__Dataset__
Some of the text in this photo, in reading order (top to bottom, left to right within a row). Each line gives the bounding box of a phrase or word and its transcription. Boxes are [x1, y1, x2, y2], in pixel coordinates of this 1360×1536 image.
* * *
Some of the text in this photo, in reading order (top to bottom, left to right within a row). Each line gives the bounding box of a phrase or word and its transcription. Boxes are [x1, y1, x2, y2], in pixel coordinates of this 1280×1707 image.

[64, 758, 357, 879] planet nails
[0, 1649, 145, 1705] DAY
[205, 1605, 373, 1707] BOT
---
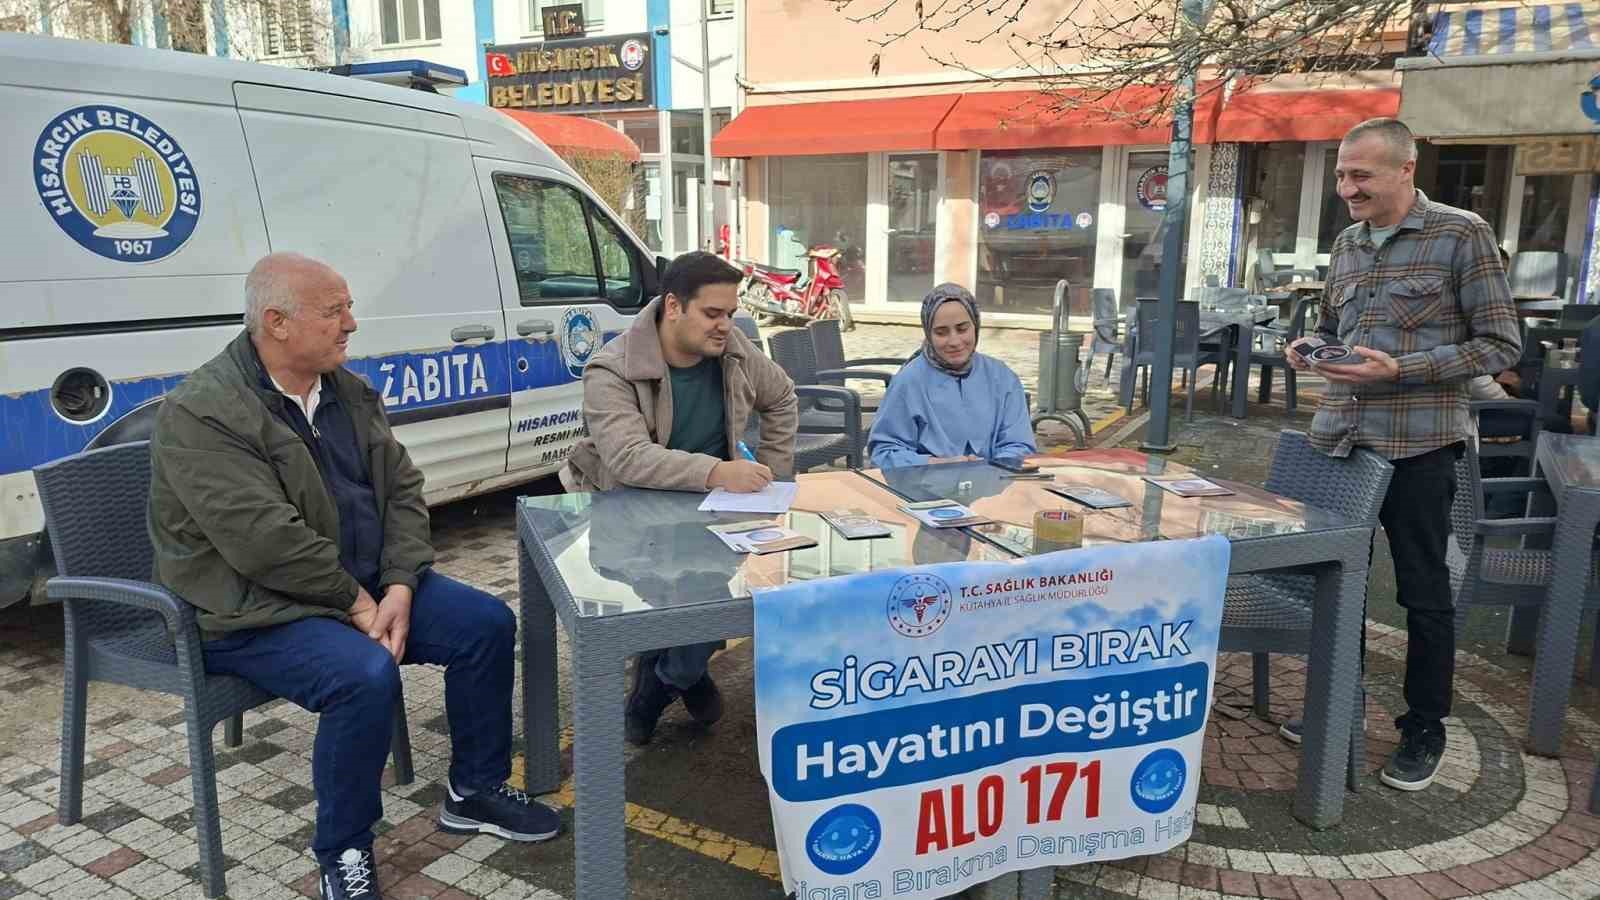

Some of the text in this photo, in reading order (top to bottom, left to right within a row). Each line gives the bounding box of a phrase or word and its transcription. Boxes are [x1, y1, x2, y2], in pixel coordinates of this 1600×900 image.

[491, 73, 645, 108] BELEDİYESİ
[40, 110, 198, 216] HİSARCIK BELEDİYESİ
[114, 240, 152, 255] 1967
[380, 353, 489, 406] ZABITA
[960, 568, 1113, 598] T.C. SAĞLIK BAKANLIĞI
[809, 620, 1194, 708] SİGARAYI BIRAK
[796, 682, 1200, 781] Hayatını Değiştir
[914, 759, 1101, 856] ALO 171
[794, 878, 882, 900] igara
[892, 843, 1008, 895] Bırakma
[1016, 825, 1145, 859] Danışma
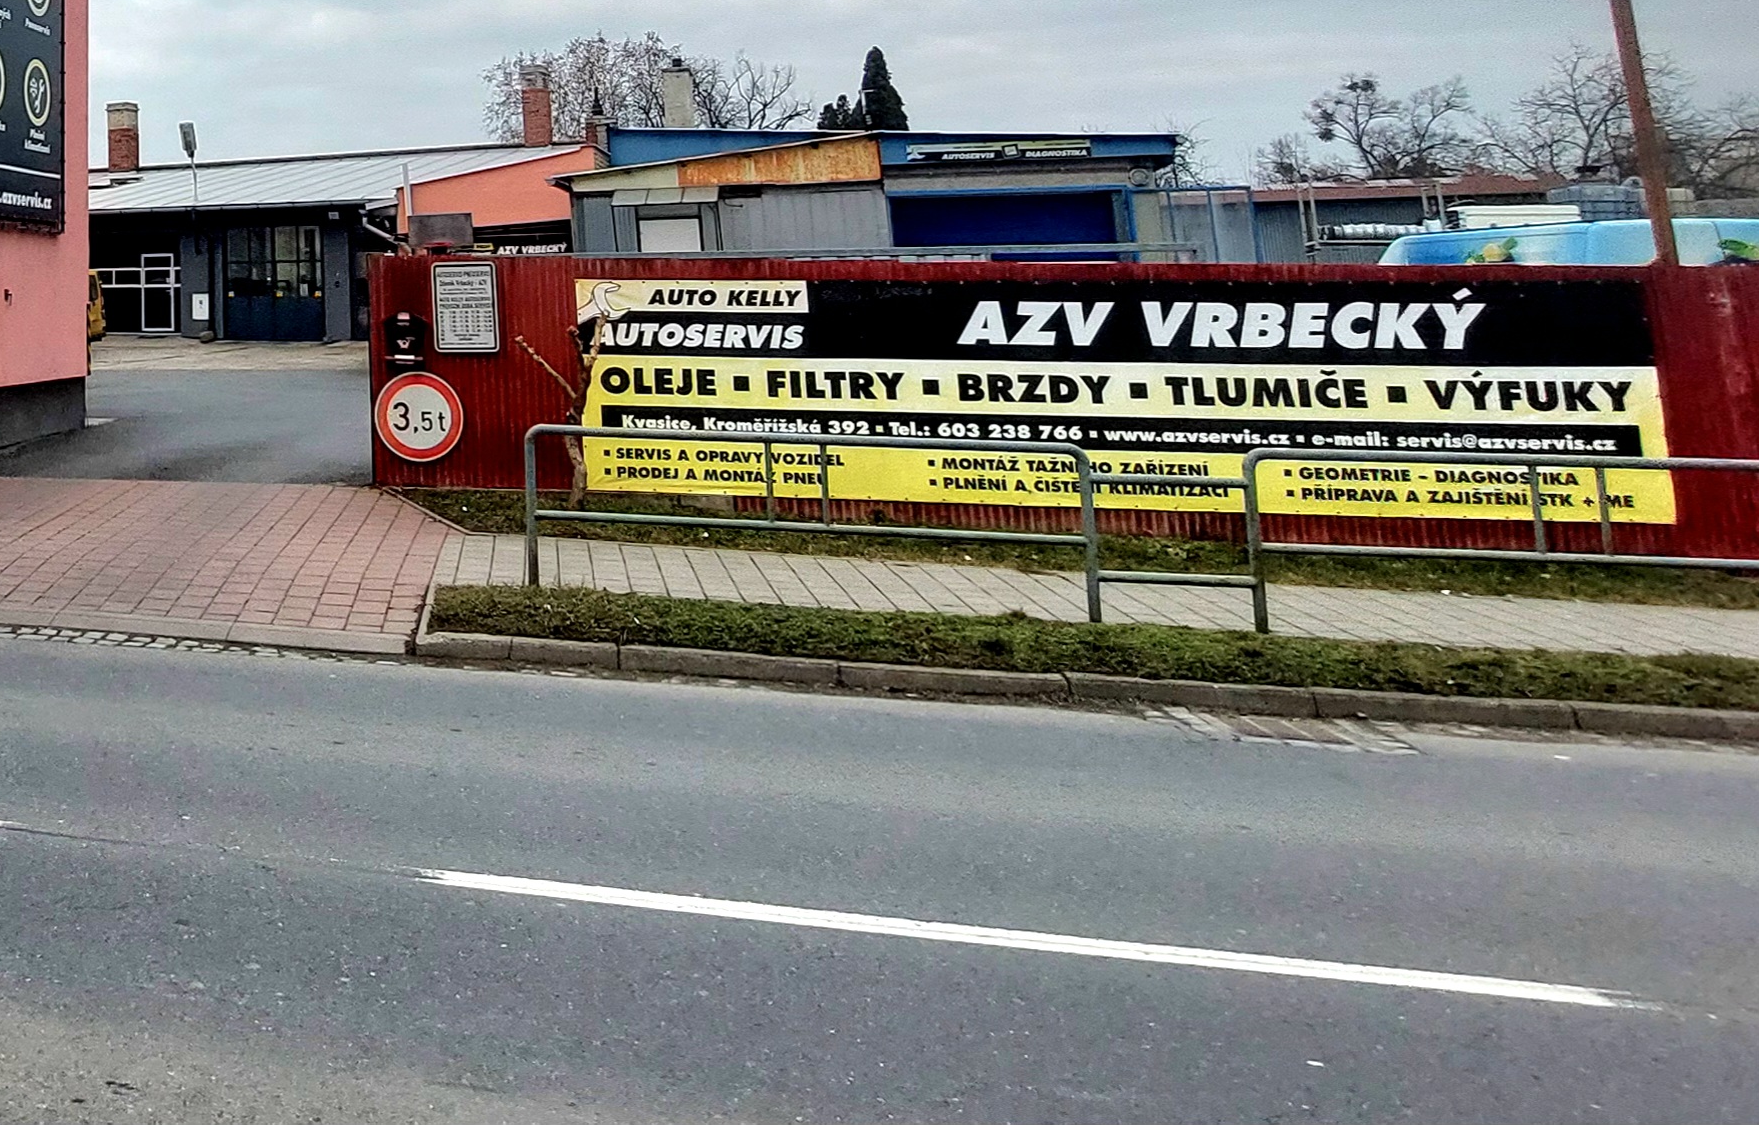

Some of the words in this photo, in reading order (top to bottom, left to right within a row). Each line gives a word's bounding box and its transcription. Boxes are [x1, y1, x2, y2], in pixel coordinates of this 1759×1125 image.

__What is needed__
Reproduce the records above exactly, but only from the line with "this 1600×900 image." up to and including the line with "Some of the words". Leave the pictures out.

__Task response__
Some of the text in this photo, in reading order (top to bottom, left to right within a row). Each line gives the bounding box of a phrase or word and its transcription. Boxes are [x1, y1, x2, y2], in pixel coordinates of this 1600×900 image.

[491, 73, 645, 108] BELEDİYESİ
[40, 110, 198, 216] HİSARCIK BELEDİYESİ
[114, 240, 152, 255] 1967
[380, 353, 489, 406] ZABITA
[960, 568, 1113, 598] T.C. SAĞLIK BAKANLIĞI
[809, 620, 1194, 708] SİGARAYI BIRAK
[796, 682, 1200, 781] Hayatını Değiştir
[914, 759, 1101, 856] ALO 171
[794, 878, 882, 900] igara
[892, 843, 1008, 895] Bırakma
[1016, 825, 1145, 859] Danışma

Some of the words in this photo, in reading order (top to bottom, left to right within a row). Each line gives a word's bounding box and its transcription. Boxes are [x1, y1, x2, y2], in pixel coordinates of this 1759×1125 image.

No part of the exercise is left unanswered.